Lisanoonan · 18/11/2024 18:21

Not all Catholics are baptised when they are babies.

My mam is catholic.

I wasn't baptised as a baby

I went to a Catholic school. The priest said that if i wanted to do communion at age 7 I could.

He said if i wanted to get communion, he would just quickly baptise me before it.

You can get baptised at any age.

My mother asked me at age 7, did I want to get communion.

And at age 7 I remember feeling that I really didn't want to get communion.

I said no. And my mam accepted it.

Edited

Catholic parents are supposed to baptise their babies. If they don’t, they risk going to limbo if they die. Devout catholics would never risk that. The fact your mum didn’t follow what the church advises is neither here nor there.

As I said above, giving the child a choice at confirmation - when they are old enough to make an informed decision - is built into Catholicism, as in many other religions. It’s an entirely reasonable approach in my view.

I was baptised Catholic, went to a Catholic school, was confirmed (and truly believed at that point) but later decided that I didn’t. I don’t feel anything was forced on me and I appreciate my religious education as Christianity/Catholicism underpins most of western culture/civilisation - so it’s handy for understanding art/literature/music.

MorettiForMargo · 18/11/2024 18:51

harrietm87 · 18/11/2024 18:49

Catholic parents are supposed to baptise their babies. If they don’t, they risk going to limbo if they die. Devout catholics would never risk that. The fact your mum didn’t follow what the church advises is neither here nor there.

As I said above, giving the child a choice at confirmation - when they are old enough to make an informed decision - is built into Catholicism, as in many other religions. It’s an entirely reasonable approach in my view.

I was baptised Catholic, went to a Catholic school, was confirmed (and truly believed at that point) but later decided that I didn’t. I don’t feel anything was forced on me and I appreciate my religious education as Christianity/Catholicism underpins most of western culture/civilisation - so it’s handy for understanding art/literature/music.

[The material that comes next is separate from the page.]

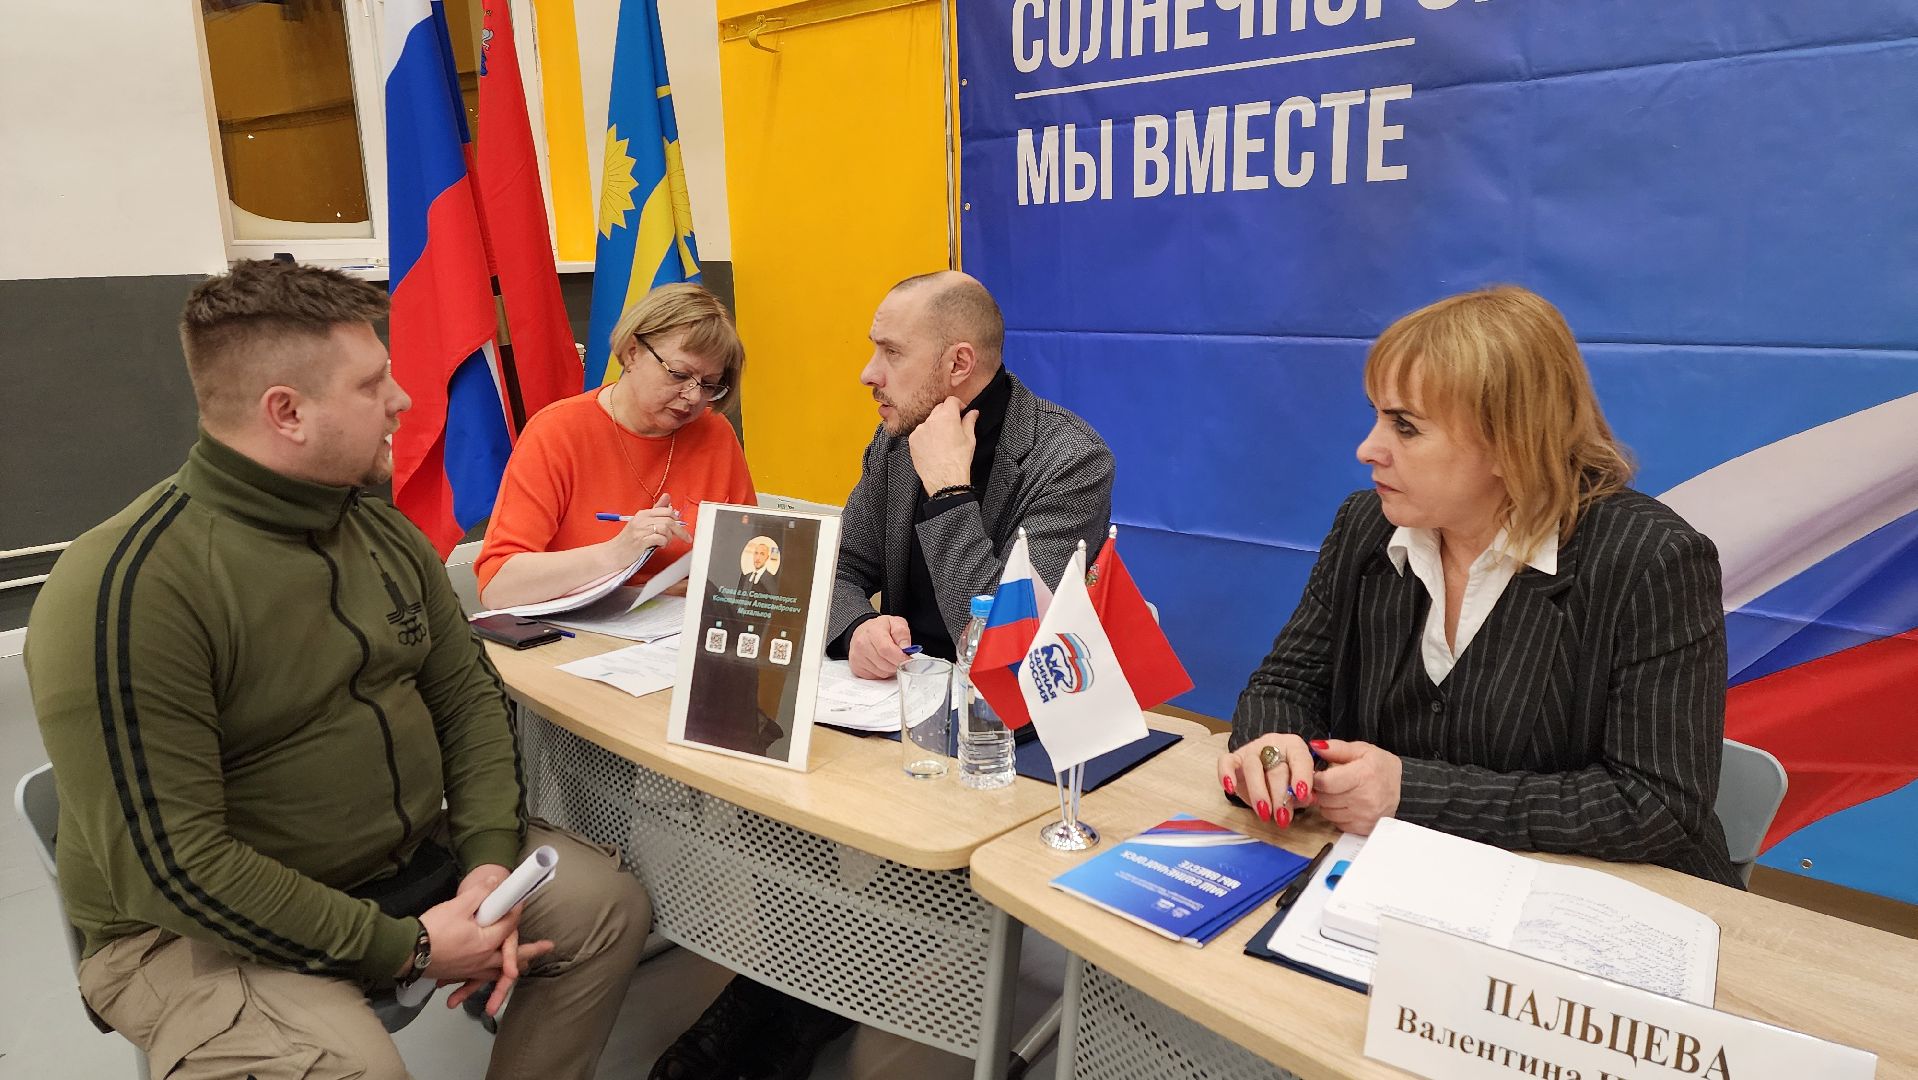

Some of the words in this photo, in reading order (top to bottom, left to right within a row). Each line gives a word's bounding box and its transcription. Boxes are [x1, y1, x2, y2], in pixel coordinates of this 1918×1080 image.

Limbo was dismissed as an untrue construct by the Catholic Church years ago now.

harrietm87 · 18/11/2024 18:54

MorettiForMargo · 18/11/2024 18:51

Limbo was dismissed as an untrue construct by the Catholic Church years ago now.

Probably after I stopped caring what they said! Pretty sure you’re still supposed to baptise your babies though? And certainly would have been at the time that poster was born?

Marblesbackagain · 18/11/2024 18:57

Regardless of limbo the presumption of the church community is baptism as a babe in arms.